Edgar French, U of M’s spiritual care coordinator participates in Akhand Path Sahib.

Turbans and Tales

My conversation with two students on Sikh spirituality

October 17, 2018 — 

Edgar French, spiritual care coordinator at the University of Manitoba will explain some important holidays and celebrations from different faith traditions throughout the year.

Recently I had the privilege of attending a Sikh Gurdwara (temple) for an event hosted by U of M’s Sikh Student Association (UMSSA).  Entitled Akhand Path Sahib, the gathering involved prayers offered in support of international students, recent immigrants and the betterment of humanity.  Following the prayers, a communal meal, referred to as langar, was served.  An integral part of Sikh tradition, I feasted on a variety of tasty Punjabi dishes whilst conversing with Amit Saini, president of the UMSSA.  My plate was never empty as servers kept coming to fill it, to my delight!  Intrigued by and appreciative of the warm hospitality I received, I wanted to learn more about this faith.  It just so happens that the association is hosting an on-campus event with the goal of educating and engaging with students on the nature of Sikhism.  Turban-Up will be an opportunity to increase awareness and understanding of a faith that has been part of the Canadian spiritual landscape for many years. 

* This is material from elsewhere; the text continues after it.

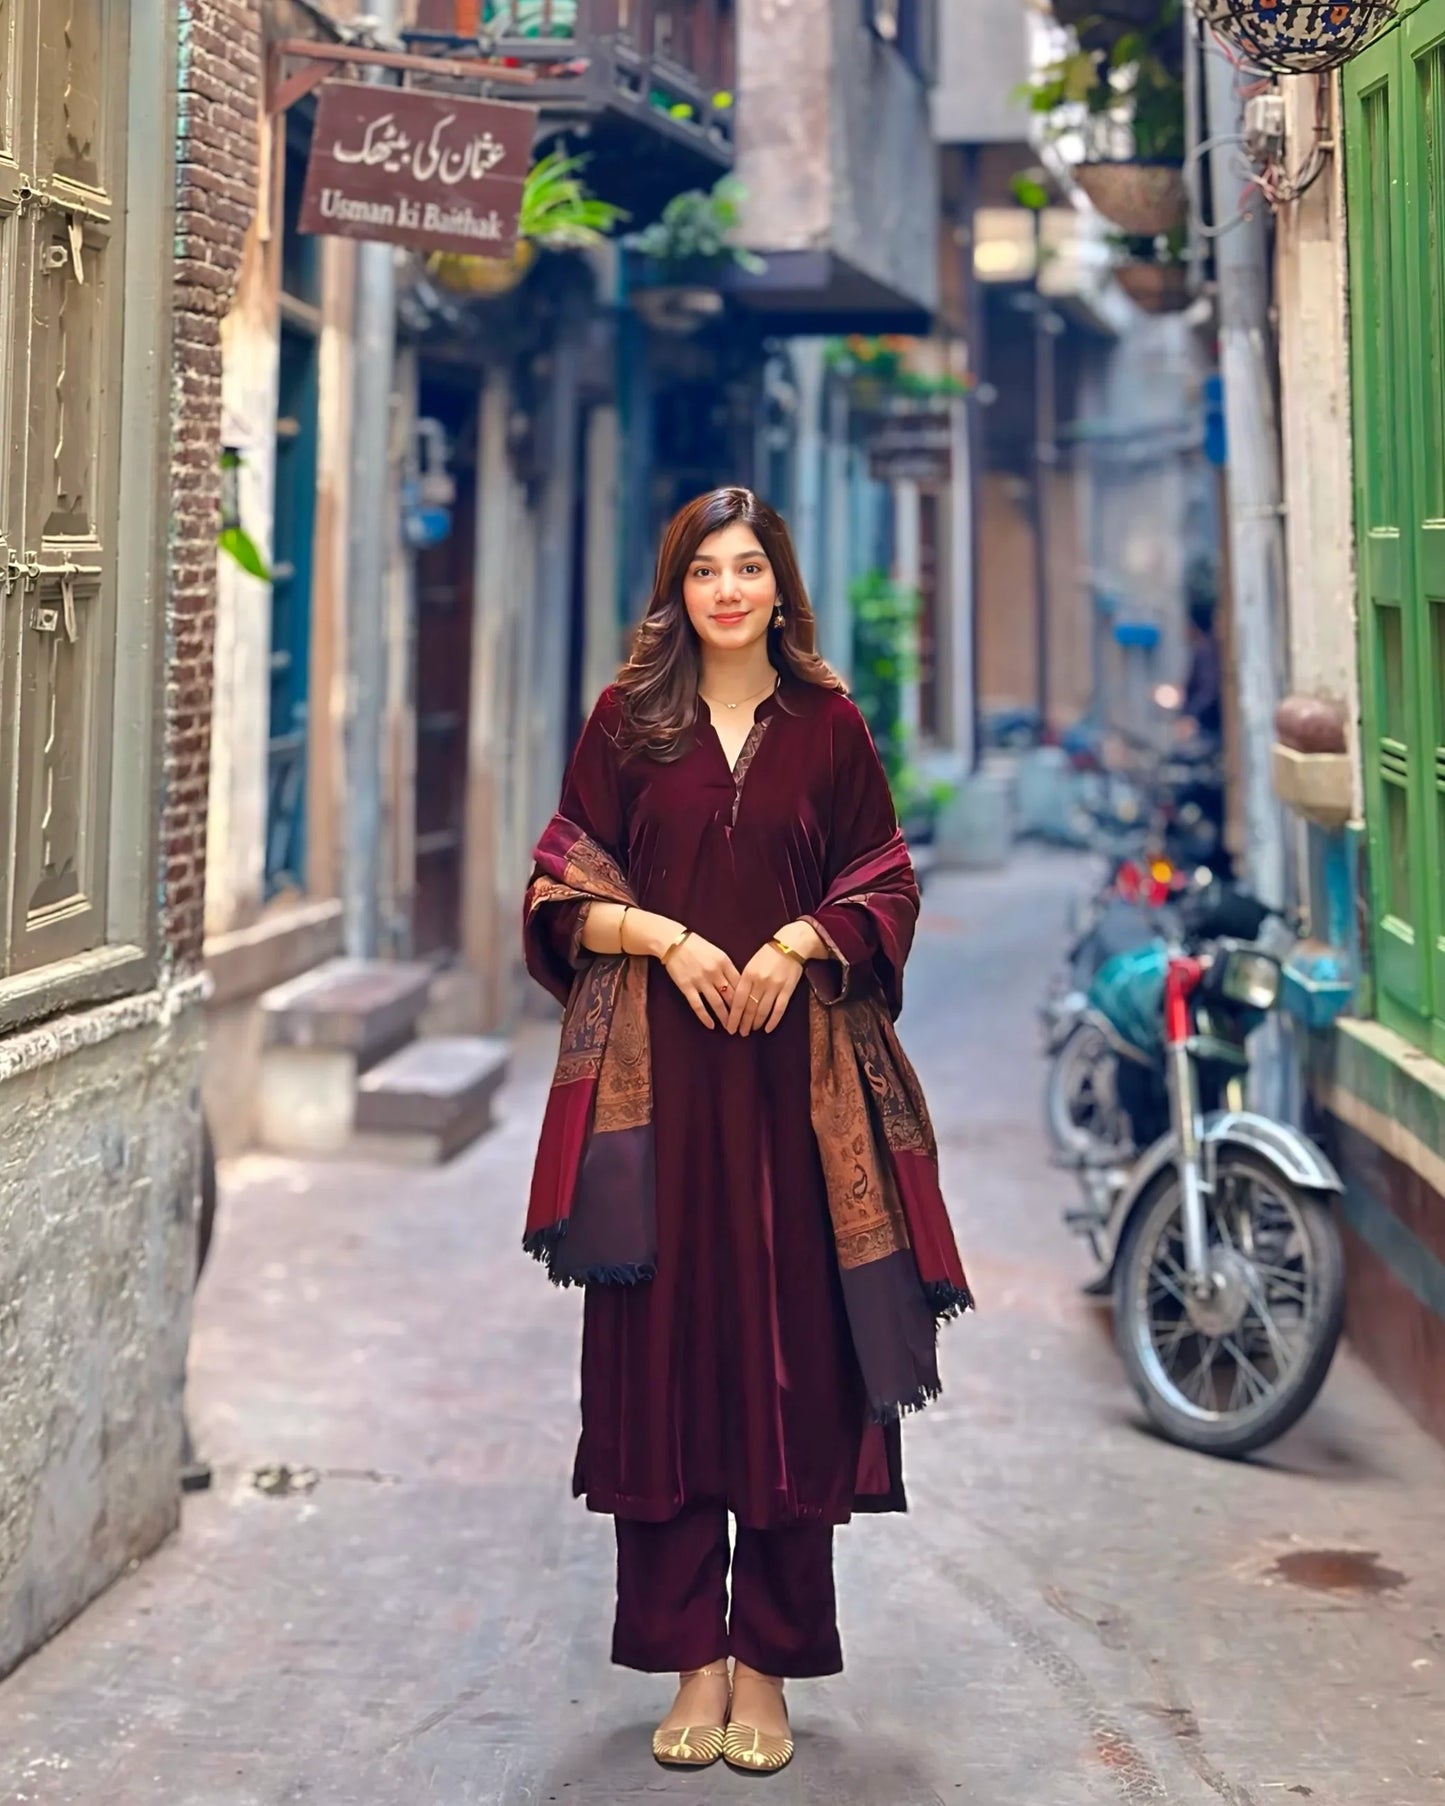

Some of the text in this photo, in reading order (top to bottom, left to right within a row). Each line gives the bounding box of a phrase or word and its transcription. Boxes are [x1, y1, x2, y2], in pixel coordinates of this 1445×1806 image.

[333, 113, 505, 185] عثمان کی بیٹھک
[320, 188, 503, 240] Usman ki Baithak

Curious about the goals of the event, I sat down with two members of the UMSSA, Amit and Damanjit Singh.  I was entertained by many of the stories and lore that have established and preserved Sikh identity.  Here’s just a taste of the conversation we shared:

 

Amit and Damanjit, can you tell me what inspired you to run “Turban-Up” on campus?

Amit: Part of what we wanted to do is address the innocent curiosity that many students might harbor when it comes to Sikhism and its customs.  We sense that many non-Sikh students are genuinely curious but may feel a little awkward coming up to a student wearing a turban and asking, ‘So what’s up with the turban?’  I’ve caught students, at times, staring.  Here’s an opportunity, rather, to talk!

 

For those of us unfamiliar with Sikh teaching and custom, what is the significance of wearing a turban?

Damanjit : The turban defines your identity as a Sikh.  Not only does it communicate this to others but it reminds you personally that as Sikh you are always ready to help and assist others.  This is central to Sikh teaching.  The turban is also worn as a crown in the sense that it elevates people, promoting equality and dignity, something that we believe all human beings are gifted with.

 

Have you ever felt self-conscious or concerned about standing out in public by wearing the turban?  If so, how have you dealt with this?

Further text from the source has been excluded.